▸ **TO DO**
Please return each of the entries below exactly as they appear.

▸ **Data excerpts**
....
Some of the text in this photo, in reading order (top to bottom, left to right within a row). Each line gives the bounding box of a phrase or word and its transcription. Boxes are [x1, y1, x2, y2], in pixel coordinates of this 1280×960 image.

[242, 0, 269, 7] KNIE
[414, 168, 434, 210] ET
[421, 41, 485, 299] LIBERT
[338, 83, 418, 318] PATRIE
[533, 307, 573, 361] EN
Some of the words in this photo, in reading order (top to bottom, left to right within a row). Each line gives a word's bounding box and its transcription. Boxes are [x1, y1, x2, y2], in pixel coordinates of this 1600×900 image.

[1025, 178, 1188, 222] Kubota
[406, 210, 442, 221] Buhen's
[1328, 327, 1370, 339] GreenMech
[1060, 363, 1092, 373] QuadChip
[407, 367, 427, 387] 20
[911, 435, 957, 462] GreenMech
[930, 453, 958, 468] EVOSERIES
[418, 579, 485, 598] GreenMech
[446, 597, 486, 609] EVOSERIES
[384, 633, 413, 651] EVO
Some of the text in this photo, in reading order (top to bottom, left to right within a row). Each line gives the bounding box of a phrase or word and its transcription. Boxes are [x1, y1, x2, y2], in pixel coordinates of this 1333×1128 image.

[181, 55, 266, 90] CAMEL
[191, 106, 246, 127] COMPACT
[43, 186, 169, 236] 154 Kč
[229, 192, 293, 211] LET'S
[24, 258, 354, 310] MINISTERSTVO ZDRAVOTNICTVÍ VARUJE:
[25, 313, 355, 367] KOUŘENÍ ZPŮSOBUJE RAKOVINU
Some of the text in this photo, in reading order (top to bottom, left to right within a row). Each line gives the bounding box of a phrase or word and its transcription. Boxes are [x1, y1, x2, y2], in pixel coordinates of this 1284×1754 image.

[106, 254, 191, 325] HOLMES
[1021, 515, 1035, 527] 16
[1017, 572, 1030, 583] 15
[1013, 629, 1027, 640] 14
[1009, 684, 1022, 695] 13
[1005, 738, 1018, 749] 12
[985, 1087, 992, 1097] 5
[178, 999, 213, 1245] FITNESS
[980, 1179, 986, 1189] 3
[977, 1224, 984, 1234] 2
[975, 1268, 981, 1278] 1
....
▸ **OUTPUT**
Some of the text in this photo, in reading order (top to bottom, left to right within a row). Each line gives the bounding box of a phrase or word and its transcription. Boxes are [x1, y1, x2, y2], in pixel coordinates of this 1280×960 image.

[242, 0, 269, 7] KNIE
[414, 168, 434, 210] ET
[421, 41, 485, 299] LIBERT
[338, 83, 418, 318] PATRIE
[533, 307, 573, 361] EN
Some of the words in this photo, in reading order (top to bottom, left to right within a row). Each line gives a word's bounding box and its transcription. Boxes are [x1, y1, x2, y2], in pixel coordinates of this 1600×900 image.

[1025, 178, 1188, 222] Kubota
[406, 210, 442, 221] Buhen's
[1328, 327, 1370, 339] GreenMech
[1060, 363, 1092, 373] QuadChip
[407, 367, 427, 387] 20
[911, 435, 957, 462] GreenMech
[930, 453, 958, 468] EVOSERIES
[418, 579, 485, 598] GreenMech
[446, 597, 486, 609] EVOSERIES
[384, 633, 413, 651] EVO
Some of the text in this photo, in reading order (top to bottom, left to right within a row). Each line gives the bounding box of a phrase or word and its transcription. Boxes are [x1, y1, x2, y2], in pixel coordinates of this 1333×1128 image.

[181, 55, 266, 90] CAMEL
[191, 106, 246, 127] COMPACT
[43, 186, 169, 236] 154 Kč
[229, 192, 293, 211] LET'S
[24, 258, 354, 310] MINISTERSTVO ZDRAVOTNICTVÍ VARUJE:
[25, 313, 355, 367] KOUŘENÍ ZPŮSOBUJE RAKOVINU
Some of the text in this photo, in reading order (top to bottom, left to right within a row). Each line gives the bounding box of a phrase or word and its transcription. Boxes are [x1, y1, x2, y2], in pixel coordinates of this 1284×1754 image.

[106, 254, 191, 325] HOLMES
[1021, 515, 1035, 527] 16
[1017, 572, 1030, 583] 15
[1013, 629, 1027, 640] 14
[1009, 684, 1022, 695] 13
[1005, 738, 1018, 749] 12
[985, 1087, 992, 1097] 5
[178, 999, 213, 1245] FITNESS
[980, 1179, 986, 1189] 3
[977, 1224, 984, 1234] 2
[975, 1268, 981, 1278] 1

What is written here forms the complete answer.